Bill Schneider: I'm picking up a little bit of this noise here.

Percy Jackson: Uh-hum.

Bill Schneider: So you were too young to remember that?

Percy Jackson: Uh-hum.

Bill Schneider: And then you said you did some schooling, huh?

Percy Jackson: Yeah. Not too much, though. I just went up to 6th grade.

Bill Schneider: Is that here or in Noorvik?

Percy Jackson: Here.

Bill Schneider: Uh-hum.

Percy Jackson: They want to send me Outside, but I told them I would rather hunt. And start hunting. Toward Noatak. When I first start hunting I think I was about 17 year old. I was sorry why I quit schooling.

Bill Schneider: You were sorry?

Percy Jackson: Uh-hum.

Bill Schneider: Why is that?

Percy Jackson: Because I can't fill papers. But I know how to live out in the country.

Bill Schneider: Who taught you?

Percy Jackson: There was an old man with us those years. When I first start setting traps in fall time, in November, he took me out without bedding, 15 or 20 below, just with dogs and dog meat. I was kind of worried, I don't have no bedding. Finally, he found a place to camp, so we stopped there and make a camp. It was warm. It's not cold, even though it's 15 or 20 below, just sleep like that.
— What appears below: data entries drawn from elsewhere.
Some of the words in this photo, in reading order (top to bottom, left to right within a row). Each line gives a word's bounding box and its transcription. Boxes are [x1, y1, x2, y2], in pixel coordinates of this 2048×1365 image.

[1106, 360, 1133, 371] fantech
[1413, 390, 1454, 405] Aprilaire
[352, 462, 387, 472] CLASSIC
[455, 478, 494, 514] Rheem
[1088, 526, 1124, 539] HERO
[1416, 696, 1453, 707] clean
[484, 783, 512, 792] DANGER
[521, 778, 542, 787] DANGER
Eileen Devinney: Did you make a little shelter or --

Percy Jackson: Yeah. A little shelter, with trees.

Eileen Devinney: Uh-hum.

Percy Jackson: And put that big fire in the middle. That's the way we sleep. But when you go inside the snow, that's the warmest place to stay when you don't have beddings.
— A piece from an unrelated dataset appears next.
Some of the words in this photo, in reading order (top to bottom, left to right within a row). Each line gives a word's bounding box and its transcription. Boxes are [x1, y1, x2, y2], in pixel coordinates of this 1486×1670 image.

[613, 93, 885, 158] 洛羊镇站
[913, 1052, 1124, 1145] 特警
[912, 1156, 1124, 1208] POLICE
Eileen Devinney: Did you sleep right on the snow or did you --

Percy Jackson: Inside.

Eileen Devinney: -- sleep on branches?

Percy Jackson: Inside the snow. That's a warm place to stay.

Bill Schneider: What was that old man's name?
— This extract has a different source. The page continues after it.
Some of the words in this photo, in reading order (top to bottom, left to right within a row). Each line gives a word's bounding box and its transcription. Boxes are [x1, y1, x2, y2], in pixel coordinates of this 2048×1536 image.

Percy Jackson: Richard Glover. We see his picture last night here, Frank Glover.

Bill Schneider: Frank or Richard?

Percy Jackson: Frank was here [meaning in the photographs]. The one I talk about is Richard. I think my dad's uncle.

Bill Schneider: What else did he teach you?

Percy Jackson: How to set traps and -- and in summertime, he showed me how to set a trap on marmots with rocks. Once you learn it, it is easy.

Bill Schneider: Is that like a deadfall?

Percy Jackson: Oh, make a little frame on bottom, make it flat, and put a rock on top, just like a trap, and put something in the middle there. When he touch that thing, that thing would fall down on that marmot. But if you make it shallow, that thing would come out.

Bill Schneider: Hmm.

Percy Jackson: Got to make it kind of deep so he won't push up. Them marmots are strong when they -- when you are trying to pull them. I think I'm the only one that knows how to set a rock trap now. Everybody else is gone. Even the Kobuk people, they never teach them about that. They want to learn right now, but we don't have time to go out.